After a few nomadic years, Didericksen Memorial has a place to call home.
J.R. Didericksen, owner of Didericksen Memorial at 87 W. Main in Grantsville, said the completion of the building is a tangible, cemented symbol of the fulfillment of his plan for the business he has built over the last few years.
“It seems like it’s been three years in the making, but we’re there now. It feels good,” he said. “It was always the plan. When I decided to jump ship from my previous career, it was always my plan to end up here.”
Six years ago, Didericksen was a financial attorney, representing banks in court against borrowers who had failed to repay their loans. The job took an emotional toll, though, as people lost homes or vehicles, he said. One case, against a soldier who had just returned from the Middle East, was the last straw. After that he began to consider other careers. In December 2007, he attended the funeral of one of his former teachers, Gary Callister. There, he noticed the funeral directors interacting with the family, and was struck by a thought to look into that field.
“The idea just crossed my mind that this was something I ought to look into,” he said. “I could be a comfort to families, and it would be rewarding helping people through possibly the most difficult time in their lives, and that it would be quite a change from what I was into before.”
To do that, Didericksen had to start over with his education. He enrolled in the mortuary science program at Arapahoe Community College in Littleton, Colo. After completing the requisite courses and an apprenticeship, Didericksen graduated in 2009.
Immediately after receiving his certification, he quit the mortuaries at which he had worked during his apprenticeship, and struck out on his own. The work turned out to be challenging, but rewarding and enjoyable.
When he started his full-service mortuary, he joined Tate Mortuary as the second funeral business in the county.

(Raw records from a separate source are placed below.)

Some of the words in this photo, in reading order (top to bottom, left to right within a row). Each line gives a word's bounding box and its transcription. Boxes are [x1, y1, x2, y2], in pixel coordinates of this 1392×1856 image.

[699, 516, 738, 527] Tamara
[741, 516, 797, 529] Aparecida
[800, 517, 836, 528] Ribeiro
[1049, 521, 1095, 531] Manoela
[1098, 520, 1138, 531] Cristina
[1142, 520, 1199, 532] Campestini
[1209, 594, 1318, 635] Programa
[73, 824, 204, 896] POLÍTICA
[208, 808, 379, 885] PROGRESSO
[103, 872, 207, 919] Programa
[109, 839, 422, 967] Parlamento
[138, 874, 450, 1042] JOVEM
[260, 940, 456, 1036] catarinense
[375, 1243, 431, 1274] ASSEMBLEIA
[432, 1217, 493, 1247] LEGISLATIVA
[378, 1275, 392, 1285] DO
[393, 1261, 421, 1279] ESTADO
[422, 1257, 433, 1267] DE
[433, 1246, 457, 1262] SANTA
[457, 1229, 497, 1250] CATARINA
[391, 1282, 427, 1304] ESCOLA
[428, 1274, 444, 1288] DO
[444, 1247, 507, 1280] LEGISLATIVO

A third, Dalton-Hoopes Funeral Parlor, joined that list last year. Before the Didericksen Memorial building was completed, all embalming and body preparation occurred at a mortuary in Salt Lake, with which Didericksen had a contract. The new building has on-site capabilities for body preparation, he said, though cremations are still done at a crematorium in Salt Lake.

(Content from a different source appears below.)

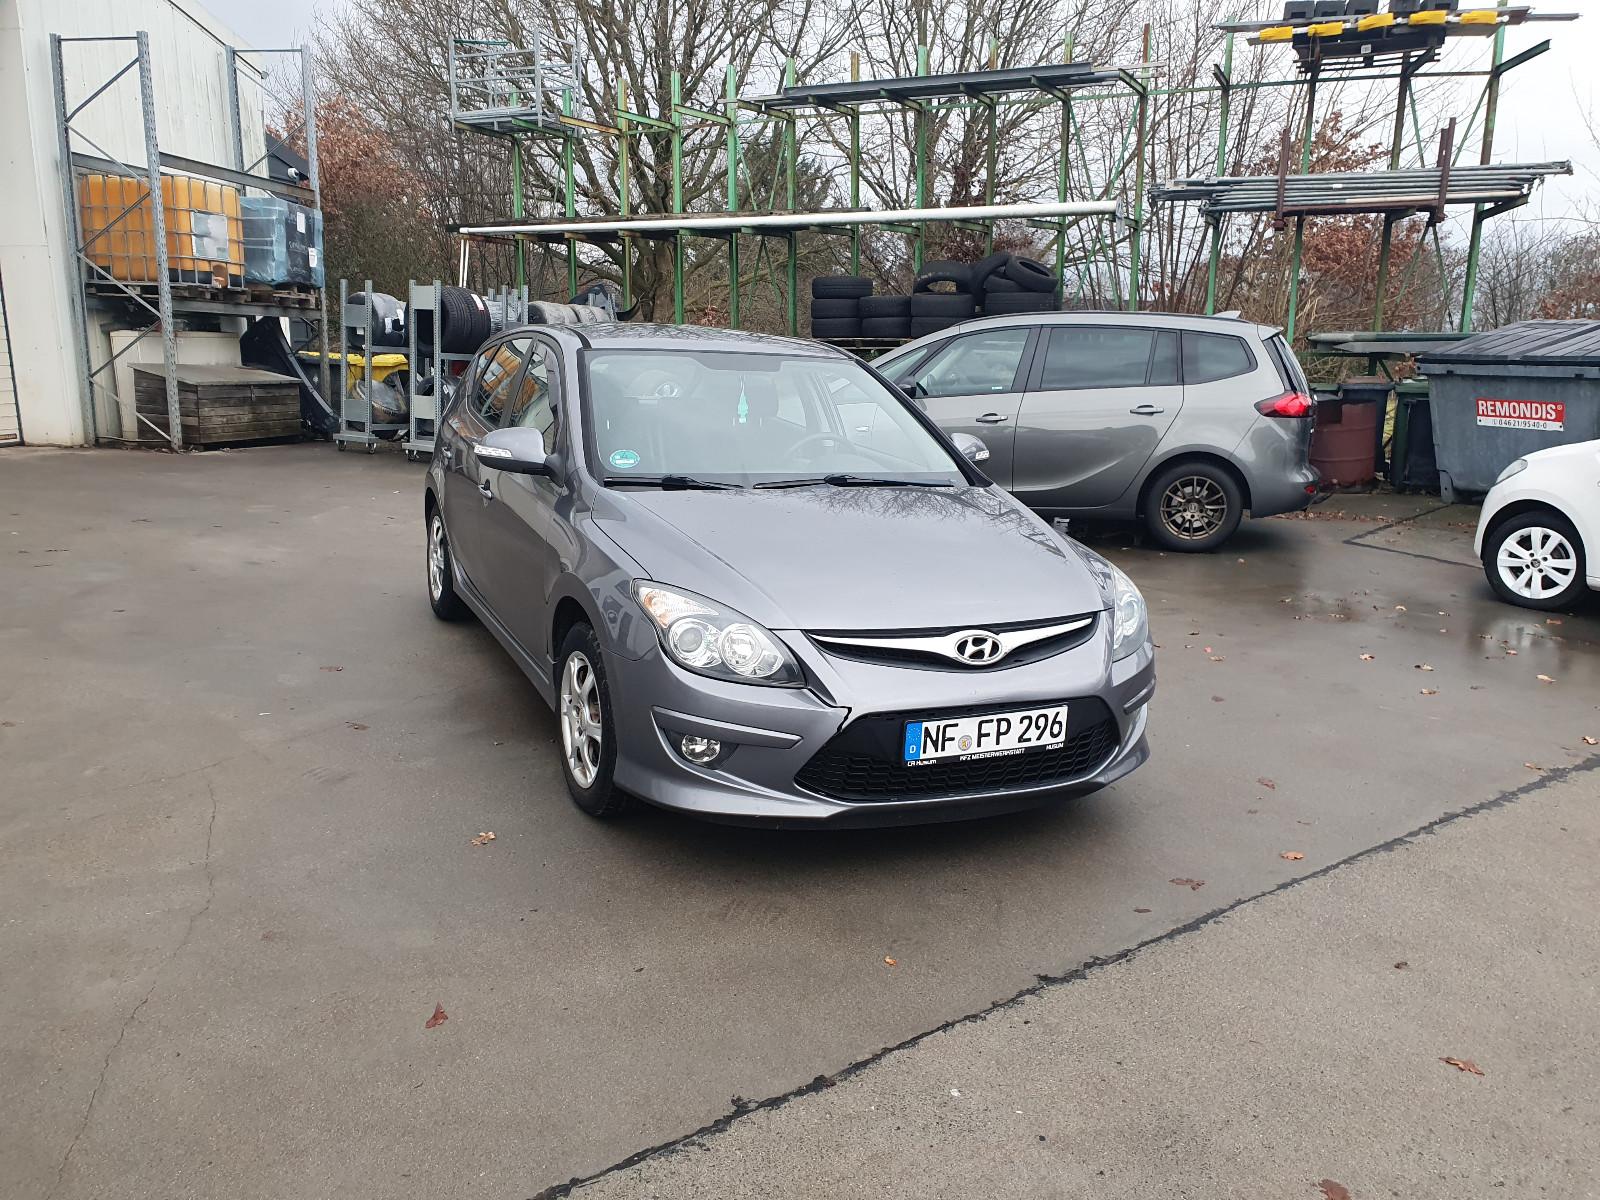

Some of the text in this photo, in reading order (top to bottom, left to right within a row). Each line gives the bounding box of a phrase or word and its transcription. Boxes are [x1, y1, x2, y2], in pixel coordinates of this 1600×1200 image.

[1478, 401, 1556, 419] REMONDIS
[909, 712, 1063, 754] D NF FP 296

Now in his fourth year, Didericksen said he is glad to have his own space for conducting funerals. They previously were held in churches of the deceased’s denominational preference, but Didericksen could not accommodate families that did not want services in a church, or had no denominational preference. The new building has room for viewings or small funerals.

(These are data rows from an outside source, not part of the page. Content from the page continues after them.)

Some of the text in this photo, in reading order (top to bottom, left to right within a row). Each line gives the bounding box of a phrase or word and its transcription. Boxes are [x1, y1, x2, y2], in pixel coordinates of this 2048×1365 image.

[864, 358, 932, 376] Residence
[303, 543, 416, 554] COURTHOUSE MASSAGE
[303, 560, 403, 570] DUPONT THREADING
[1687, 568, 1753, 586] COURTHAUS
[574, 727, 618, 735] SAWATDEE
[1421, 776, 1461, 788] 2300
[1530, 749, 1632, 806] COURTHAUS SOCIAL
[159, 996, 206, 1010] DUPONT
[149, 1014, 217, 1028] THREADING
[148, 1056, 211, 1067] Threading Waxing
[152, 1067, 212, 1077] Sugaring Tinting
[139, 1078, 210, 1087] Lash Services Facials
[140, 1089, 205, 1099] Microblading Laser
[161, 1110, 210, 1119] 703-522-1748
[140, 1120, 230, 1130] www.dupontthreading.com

Didericksen said his business’ growth has been steady if slow, which he expected given the nature of the field.
“People don’t shop for a mortuary in the phone book, like they maybe would a plumber or an electrician,” he said. “It takes time — and I knew that — to develop the confidence and trust in the community. My business comes from referrals — that’s the big part of my business is referrals — and that takes time, but year to year, I’ve grown.”
The other part he could anticipate, the interaction with families, has also proved to be true, he said, and has been even more enjoyable than expected. Some, however, can be more difficult than others. “That’s where I’m most comfortable, is with families. Depending on the circumstances — for example, if it’s a tragic death, then there’s always going to be a higher emotion when dealing with that, the loss of a child or the loss of a young parent or a car accident. Those are going to be harder and the emotions are going to be higher,” he said.
“The toughest funerals I have are the ones I relate most with, like a young parent, whether it be a mother or a father, that’s close to my age, and you see the spouse bring the children to the service,” he added. “You can’t help but relate to what they’re going through. Those never get easy.”
Didericksen said besides his family roots to the area, he likes being based and performing services in Tooele County because of the close-knit community. The connection people have to each other, rather than in a larger, more metropolitan community, appeal to him.
“I love serving and working with people I know or have a connection to, whether my mom taught them in school or whether they knew my grandparents or whether they know someone I know, there’s always a connection in Tooele County,” he said.
“I know who I’m serving and I’ll most likely see them again, in the grocery store or something. That’s one of the biggest rewards, so see someone you’ve served and they come up and give you a hug and say ‘thank you,’ and you have a bond with them. That’s the biggest difference.”
A ribbon-cutting for the new building will be Jan. 18 at noon, while an open house for the building is planned for Jan. 26 from noon to 4 p.m.